→ Supplied data:
--------

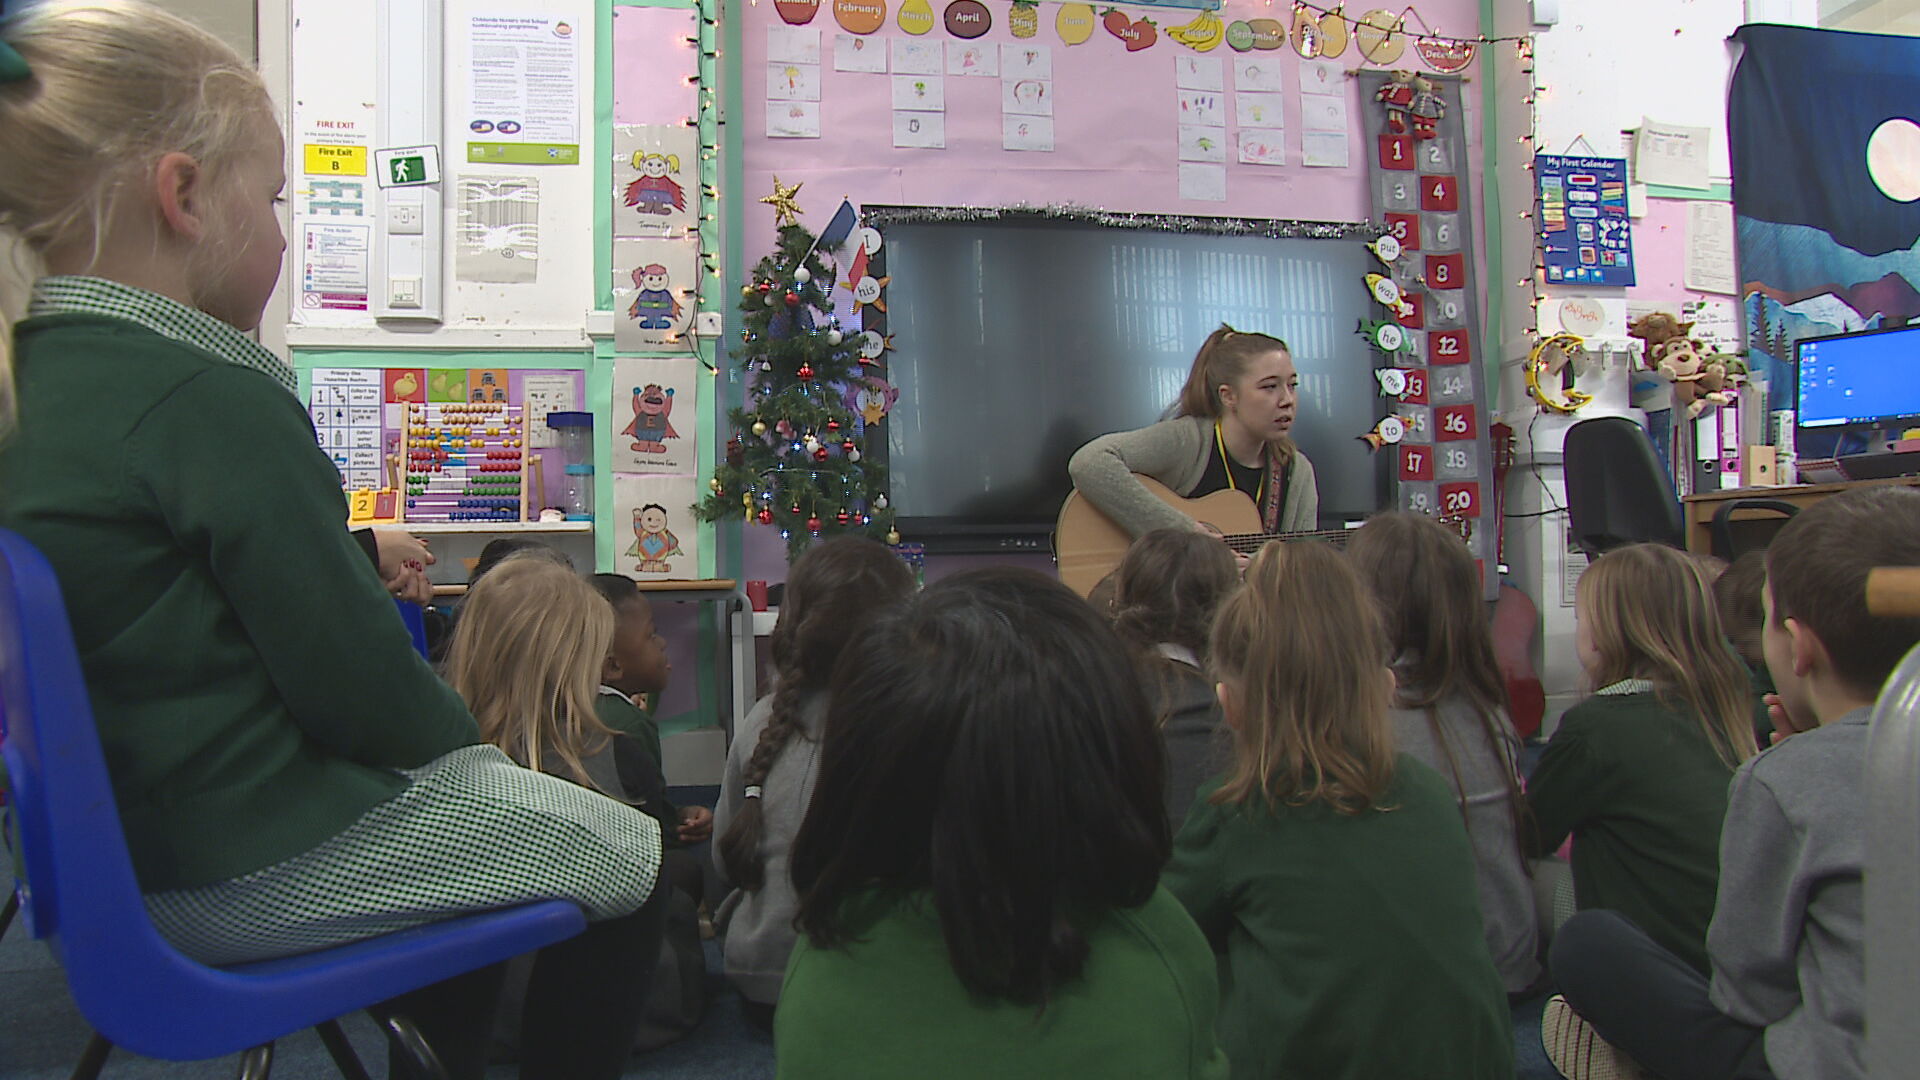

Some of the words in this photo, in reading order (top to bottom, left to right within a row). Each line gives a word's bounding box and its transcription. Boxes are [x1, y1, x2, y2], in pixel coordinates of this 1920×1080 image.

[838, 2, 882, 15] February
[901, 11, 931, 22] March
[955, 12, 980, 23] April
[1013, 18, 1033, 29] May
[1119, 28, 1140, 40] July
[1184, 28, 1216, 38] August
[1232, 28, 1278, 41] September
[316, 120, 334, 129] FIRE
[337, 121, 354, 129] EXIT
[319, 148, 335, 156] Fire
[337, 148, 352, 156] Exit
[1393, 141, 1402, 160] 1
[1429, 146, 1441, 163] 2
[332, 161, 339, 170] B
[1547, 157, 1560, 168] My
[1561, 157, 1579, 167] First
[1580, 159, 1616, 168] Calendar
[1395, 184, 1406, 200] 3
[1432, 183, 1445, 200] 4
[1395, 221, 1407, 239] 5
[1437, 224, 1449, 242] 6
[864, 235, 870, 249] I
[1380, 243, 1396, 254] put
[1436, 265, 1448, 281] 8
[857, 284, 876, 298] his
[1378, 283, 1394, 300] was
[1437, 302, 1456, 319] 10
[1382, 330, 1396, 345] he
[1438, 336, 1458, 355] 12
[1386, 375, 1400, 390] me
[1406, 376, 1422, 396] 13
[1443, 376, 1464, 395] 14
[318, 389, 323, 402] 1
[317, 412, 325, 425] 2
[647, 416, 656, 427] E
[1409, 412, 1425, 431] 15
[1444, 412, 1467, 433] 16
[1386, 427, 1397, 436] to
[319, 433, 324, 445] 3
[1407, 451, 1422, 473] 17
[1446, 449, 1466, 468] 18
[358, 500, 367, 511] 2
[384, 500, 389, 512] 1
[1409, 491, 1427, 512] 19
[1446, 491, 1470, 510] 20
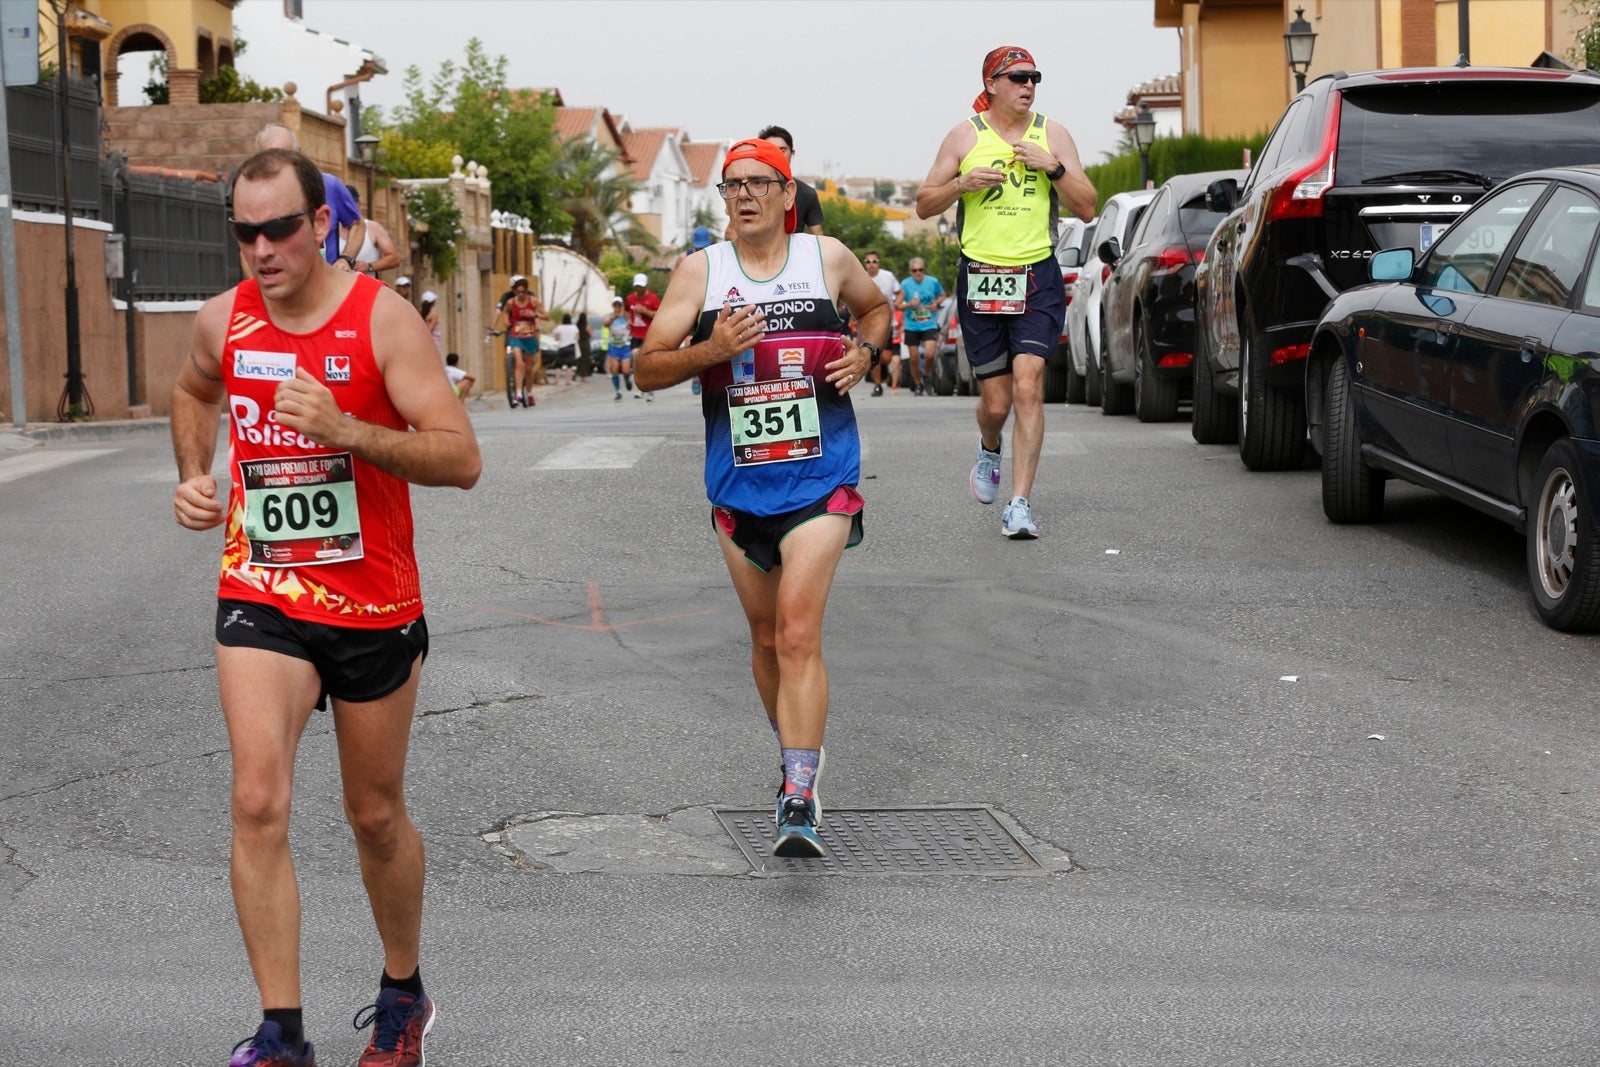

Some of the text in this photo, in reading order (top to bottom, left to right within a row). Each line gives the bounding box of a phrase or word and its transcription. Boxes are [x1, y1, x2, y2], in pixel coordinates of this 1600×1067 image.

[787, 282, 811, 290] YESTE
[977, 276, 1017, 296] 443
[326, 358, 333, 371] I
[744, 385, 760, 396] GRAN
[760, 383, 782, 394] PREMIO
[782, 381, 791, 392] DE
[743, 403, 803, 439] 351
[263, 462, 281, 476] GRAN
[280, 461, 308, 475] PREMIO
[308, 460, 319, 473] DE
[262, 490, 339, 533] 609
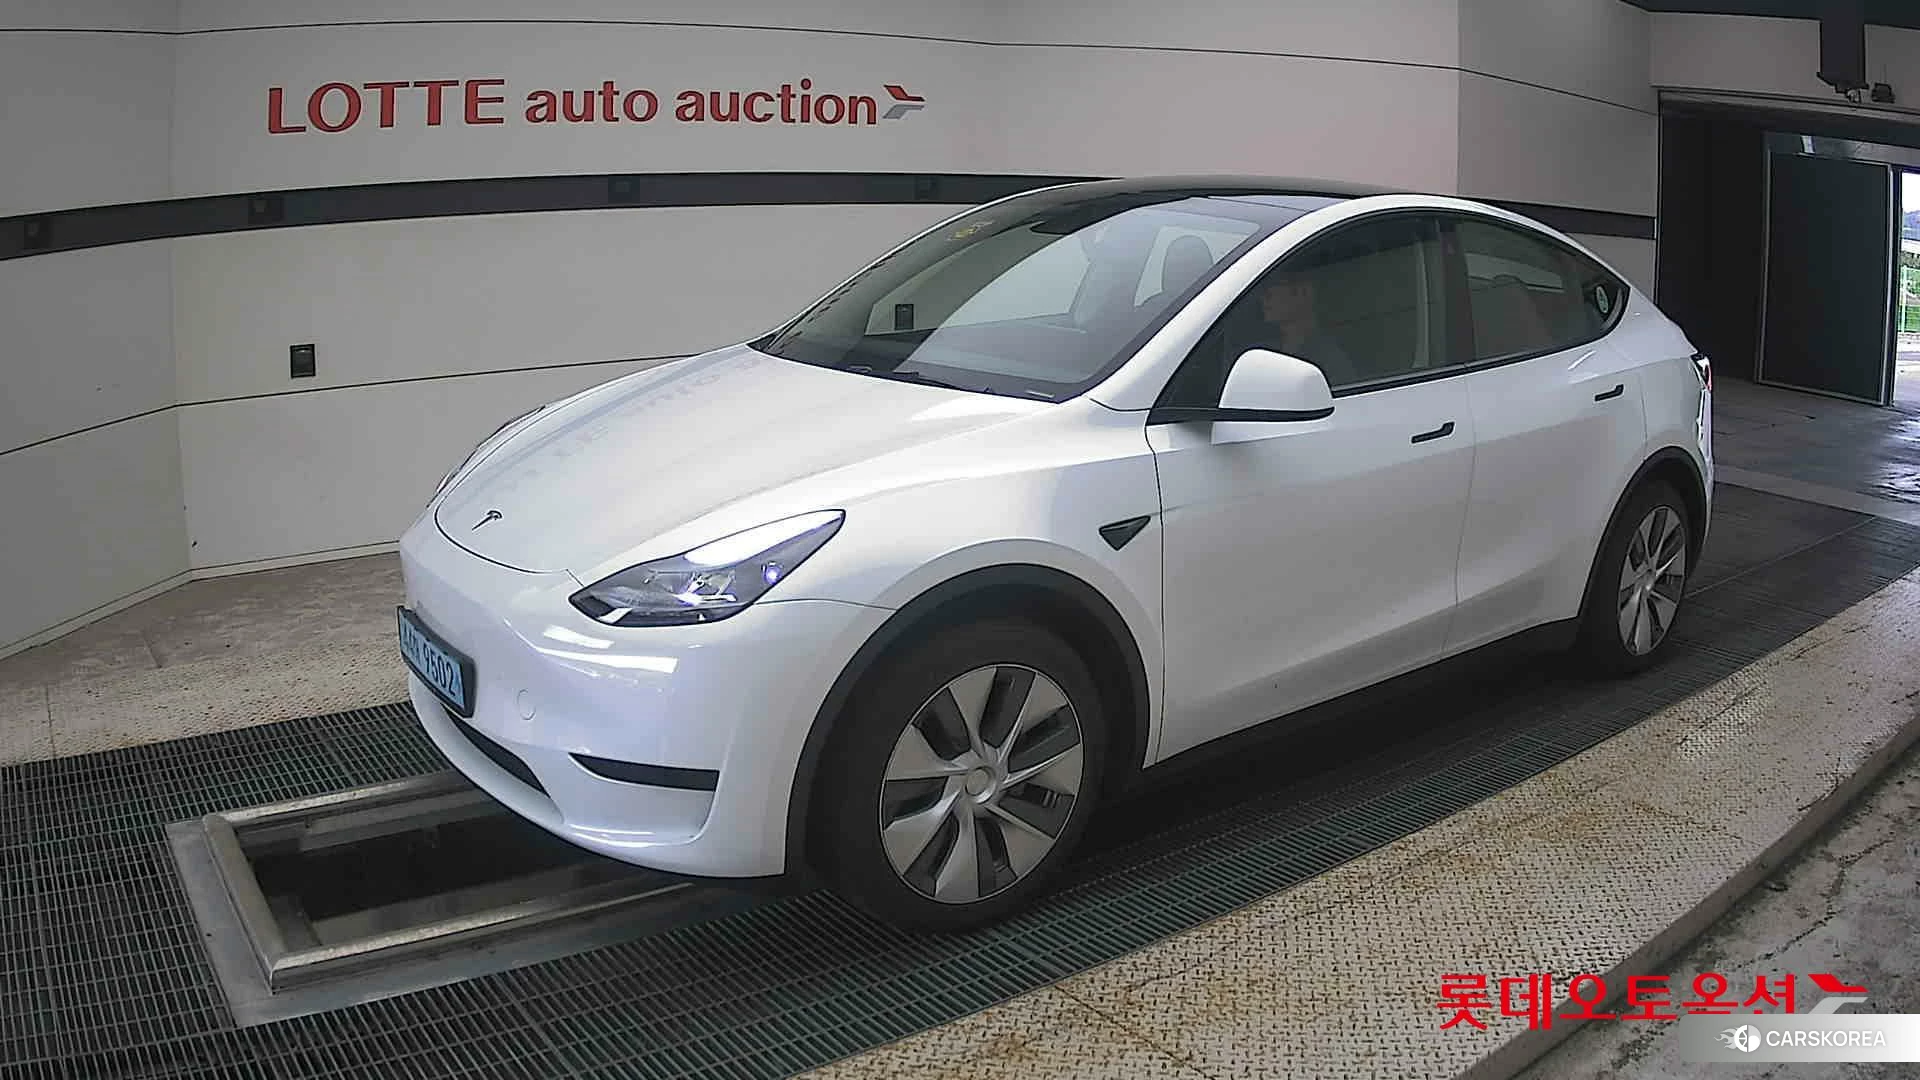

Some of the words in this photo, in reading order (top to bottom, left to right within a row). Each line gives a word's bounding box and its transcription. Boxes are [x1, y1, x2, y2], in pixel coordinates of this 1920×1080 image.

--------

→ What is being asked: Line by line, give the material above again exactly, but without any pictures.

→ Reply:
Some of the words in this photo, in reading order (top to bottom, left to right within a row). Each line gives a word's bounding box and its transcription. Boxes are [x1, y1, x2, y2], in pixel coordinates of this 1920×1080 image.

[838, 2, 882, 15] February
[901, 11, 931, 22] March
[955, 12, 980, 23] April
[1013, 18, 1033, 29] May
[1119, 28, 1140, 40] July
[1184, 28, 1216, 38] August
[1232, 28, 1278, 41] September
[316, 120, 334, 129] FIRE
[337, 121, 354, 129] EXIT
[319, 148, 335, 156] Fire
[337, 148, 352, 156] Exit
[1393, 141, 1402, 160] 1
[1429, 146, 1441, 163] 2
[332, 161, 339, 170] B
[1547, 157, 1560, 168] My
[1561, 157, 1579, 167] First
[1580, 159, 1616, 168] Calendar
[1395, 184, 1406, 200] 3
[1432, 183, 1445, 200] 4
[1395, 221, 1407, 239] 5
[1437, 224, 1449, 242] 6
[864, 235, 870, 249] I
[1380, 243, 1396, 254] put
[1436, 265, 1448, 281] 8
[857, 284, 876, 298] his
[1378, 283, 1394, 300] was
[1437, 302, 1456, 319] 10
[1382, 330, 1396, 345] he
[1438, 336, 1458, 355] 12
[1386, 375, 1400, 390] me
[1406, 376, 1422, 396] 13
[1443, 376, 1464, 395] 14
[318, 389, 323, 402] 1
[317, 412, 325, 425] 2
[647, 416, 656, 427] E
[1409, 412, 1425, 431] 15
[1444, 412, 1467, 433] 16
[1386, 427, 1397, 436] to
[319, 433, 324, 445] 3
[1407, 451, 1422, 473] 17
[1446, 449, 1466, 468] 18
[358, 500, 367, 511] 2
[384, 500, 389, 512] 1
[1409, 491, 1427, 512] 19
[1446, 491, 1470, 510] 20

Some of the text in this photo, in reading order (top to bottom, left to right within a row). Each line gives the bounding box of a phrase or word and its transcription. Boxes are [x1, y1, x2, y2], in pixel coordinates of this 1600×1067 image.

[787, 282, 811, 290] YESTE
[977, 276, 1017, 296] 443
[326, 358, 333, 371] I
[744, 385, 760, 396] GRAN
[760, 383, 782, 394] PREMIO
[782, 381, 791, 392] DE
[743, 403, 803, 439] 351
[263, 462, 281, 476] GRAN
[280, 461, 308, 475] PREMIO
[308, 460, 319, 473] DE
[262, 490, 339, 533] 609

Some of the words in this photo, in reading order (top to bottom, left to right within a row). Each line gives a word's bounding box and its transcription. Boxes are [x1, y1, x2, y2], in pixel coordinates of this 1920×1080 image.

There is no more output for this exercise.